EXERCISE PROMPT
Each record below should be given again exactly as it reads.

DATA
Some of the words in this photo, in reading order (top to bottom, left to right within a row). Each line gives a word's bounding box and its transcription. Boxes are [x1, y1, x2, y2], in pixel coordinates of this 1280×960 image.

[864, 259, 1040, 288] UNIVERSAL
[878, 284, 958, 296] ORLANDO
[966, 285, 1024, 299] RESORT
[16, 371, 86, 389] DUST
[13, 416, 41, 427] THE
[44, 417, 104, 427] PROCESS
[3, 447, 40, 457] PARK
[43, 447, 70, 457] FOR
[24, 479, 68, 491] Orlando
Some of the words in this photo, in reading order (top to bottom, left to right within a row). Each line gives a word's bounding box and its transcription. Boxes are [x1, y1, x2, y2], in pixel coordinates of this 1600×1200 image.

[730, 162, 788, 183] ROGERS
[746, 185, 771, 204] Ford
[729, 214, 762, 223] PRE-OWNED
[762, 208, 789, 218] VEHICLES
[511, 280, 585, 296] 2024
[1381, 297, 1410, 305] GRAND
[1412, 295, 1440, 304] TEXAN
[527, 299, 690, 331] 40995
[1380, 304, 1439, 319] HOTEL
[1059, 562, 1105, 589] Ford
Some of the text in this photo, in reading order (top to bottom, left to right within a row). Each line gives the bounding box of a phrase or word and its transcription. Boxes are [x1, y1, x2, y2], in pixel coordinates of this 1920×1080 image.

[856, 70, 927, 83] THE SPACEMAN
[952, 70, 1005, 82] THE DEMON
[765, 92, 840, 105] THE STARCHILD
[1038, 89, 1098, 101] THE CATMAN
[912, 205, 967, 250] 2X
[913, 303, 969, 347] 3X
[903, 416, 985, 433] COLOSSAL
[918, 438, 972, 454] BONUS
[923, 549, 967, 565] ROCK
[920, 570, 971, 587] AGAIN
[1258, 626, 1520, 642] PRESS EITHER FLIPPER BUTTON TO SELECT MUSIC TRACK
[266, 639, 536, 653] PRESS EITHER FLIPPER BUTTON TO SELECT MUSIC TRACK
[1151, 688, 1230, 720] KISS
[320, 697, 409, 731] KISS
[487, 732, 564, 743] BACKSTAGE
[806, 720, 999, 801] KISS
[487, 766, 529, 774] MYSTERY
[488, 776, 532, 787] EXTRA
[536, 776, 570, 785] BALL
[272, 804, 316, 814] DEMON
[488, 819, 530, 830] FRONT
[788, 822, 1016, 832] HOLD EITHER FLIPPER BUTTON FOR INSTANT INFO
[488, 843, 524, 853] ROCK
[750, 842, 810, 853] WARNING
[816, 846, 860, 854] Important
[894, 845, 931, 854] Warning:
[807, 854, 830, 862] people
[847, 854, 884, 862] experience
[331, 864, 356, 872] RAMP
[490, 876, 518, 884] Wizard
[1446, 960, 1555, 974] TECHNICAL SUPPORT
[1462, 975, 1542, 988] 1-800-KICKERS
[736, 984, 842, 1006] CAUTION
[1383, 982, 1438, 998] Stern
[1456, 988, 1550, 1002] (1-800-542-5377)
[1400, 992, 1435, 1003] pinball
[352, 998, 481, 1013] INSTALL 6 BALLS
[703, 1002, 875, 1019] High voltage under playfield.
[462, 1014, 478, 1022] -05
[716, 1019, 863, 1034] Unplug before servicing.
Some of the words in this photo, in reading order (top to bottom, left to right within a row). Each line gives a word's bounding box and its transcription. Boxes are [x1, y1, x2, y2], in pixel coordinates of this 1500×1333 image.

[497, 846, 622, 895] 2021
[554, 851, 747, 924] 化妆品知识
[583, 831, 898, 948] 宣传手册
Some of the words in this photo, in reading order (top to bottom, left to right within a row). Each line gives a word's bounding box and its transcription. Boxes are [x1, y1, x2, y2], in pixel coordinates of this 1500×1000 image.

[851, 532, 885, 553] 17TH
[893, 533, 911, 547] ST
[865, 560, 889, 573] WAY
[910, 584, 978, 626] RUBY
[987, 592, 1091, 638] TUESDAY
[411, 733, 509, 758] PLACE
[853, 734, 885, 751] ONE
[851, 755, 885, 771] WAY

COMPLETED EXERCISE
Some of the words in this photo, in reading order (top to bottom, left to right within a row). Each line gives a word's bounding box and its transcription. Boxes are [x1, y1, x2, y2], in pixel coordinates of this 1280×960 image.

[864, 259, 1040, 288] UNIVERSAL
[878, 284, 958, 296] ORLANDO
[966, 285, 1024, 299] RESORT
[16, 371, 86, 389] DUST
[13, 416, 41, 427] THE
[44, 417, 104, 427] PROCESS
[3, 447, 40, 457] PARK
[43, 447, 70, 457] FOR
[24, 479, 68, 491] Orlando
Some of the words in this photo, in reading order (top to bottom, left to right within a row). Each line gives a word's bounding box and its transcription. Boxes are [x1, y1, x2, y2], in pixel coordinates of this 1600×1200 image.

[730, 162, 788, 183] ROGERS
[746, 185, 771, 204] Ford
[729, 214, 762, 223] PRE-OWNED
[762, 208, 789, 218] VEHICLES
[511, 280, 585, 296] 2024
[1381, 297, 1410, 305] GRAND
[1412, 295, 1440, 304] TEXAN
[527, 299, 690, 331] 40995
[1380, 304, 1439, 319] HOTEL
[1059, 562, 1105, 589] Ford
Some of the text in this photo, in reading order (top to bottom, left to right within a row). Each line gives the bounding box of a phrase or word and its transcription. Boxes are [x1, y1, x2, y2], in pixel coordinates of this 1920×1080 image.

[856, 70, 927, 83] THE SPACEMAN
[952, 70, 1005, 82] THE DEMON
[765, 92, 840, 105] THE STARCHILD
[1038, 89, 1098, 101] THE CATMAN
[912, 205, 967, 250] 2X
[913, 303, 969, 347] 3X
[903, 416, 985, 433] COLOSSAL
[918, 438, 972, 454] BONUS
[923, 549, 967, 565] ROCK
[920, 570, 971, 587] AGAIN
[1258, 626, 1520, 642] PRESS EITHER FLIPPER BUTTON TO SELECT MUSIC TRACK
[266, 639, 536, 653] PRESS EITHER FLIPPER BUTTON TO SELECT MUSIC TRACK
[1151, 688, 1230, 720] KISS
[320, 697, 409, 731] KISS
[487, 732, 564, 743] BACKSTAGE
[806, 720, 999, 801] KISS
[487, 766, 529, 774] MYSTERY
[488, 776, 532, 787] EXTRA
[536, 776, 570, 785] BALL
[272, 804, 316, 814] DEMON
[488, 819, 530, 830] FRONT
[788, 822, 1016, 832] HOLD EITHER FLIPPER BUTTON FOR INSTANT INFO
[488, 843, 524, 853] ROCK
[750, 842, 810, 853] WARNING
[816, 846, 860, 854] Important
[894, 845, 931, 854] Warning:
[807, 854, 830, 862] people
[847, 854, 884, 862] experience
[331, 864, 356, 872] RAMP
[490, 876, 518, 884] Wizard
[1446, 960, 1555, 974] TECHNICAL SUPPORT
[1462, 975, 1542, 988] 1-800-KICKERS
[736, 984, 842, 1006] CAUTION
[1383, 982, 1438, 998] Stern
[1456, 988, 1550, 1002] (1-800-542-5377)
[1400, 992, 1435, 1003] pinball
[352, 998, 481, 1013] INSTALL 6 BALLS
[703, 1002, 875, 1019] High voltage under playfield.
[462, 1014, 478, 1022] -05
[716, 1019, 863, 1034] Unplug before servicing.
Some of the words in this photo, in reading order (top to bottom, left to right within a row). Each line gives a word's bounding box and its transcription. Boxes are [x1, y1, x2, y2], in pixel coordinates of this 1500×1333 image.

[497, 846, 622, 895] 2021
[554, 851, 747, 924] 化妆品知识
[583, 831, 898, 948] 宣传手册
Some of the words in this photo, in reading order (top to bottom, left to right within a row). Each line gives a word's bounding box and its transcription. Boxes are [x1, y1, x2, y2], in pixel coordinates of this 1500×1000 image.

[851, 532, 885, 553] 17TH
[893, 533, 911, 547] ST
[865, 560, 889, 573] WAY
[910, 584, 978, 626] RUBY
[987, 592, 1091, 638] TUESDAY
[411, 733, 509, 758] PLACE
[853, 734, 885, 751] ONE
[851, 755, 885, 771] WAY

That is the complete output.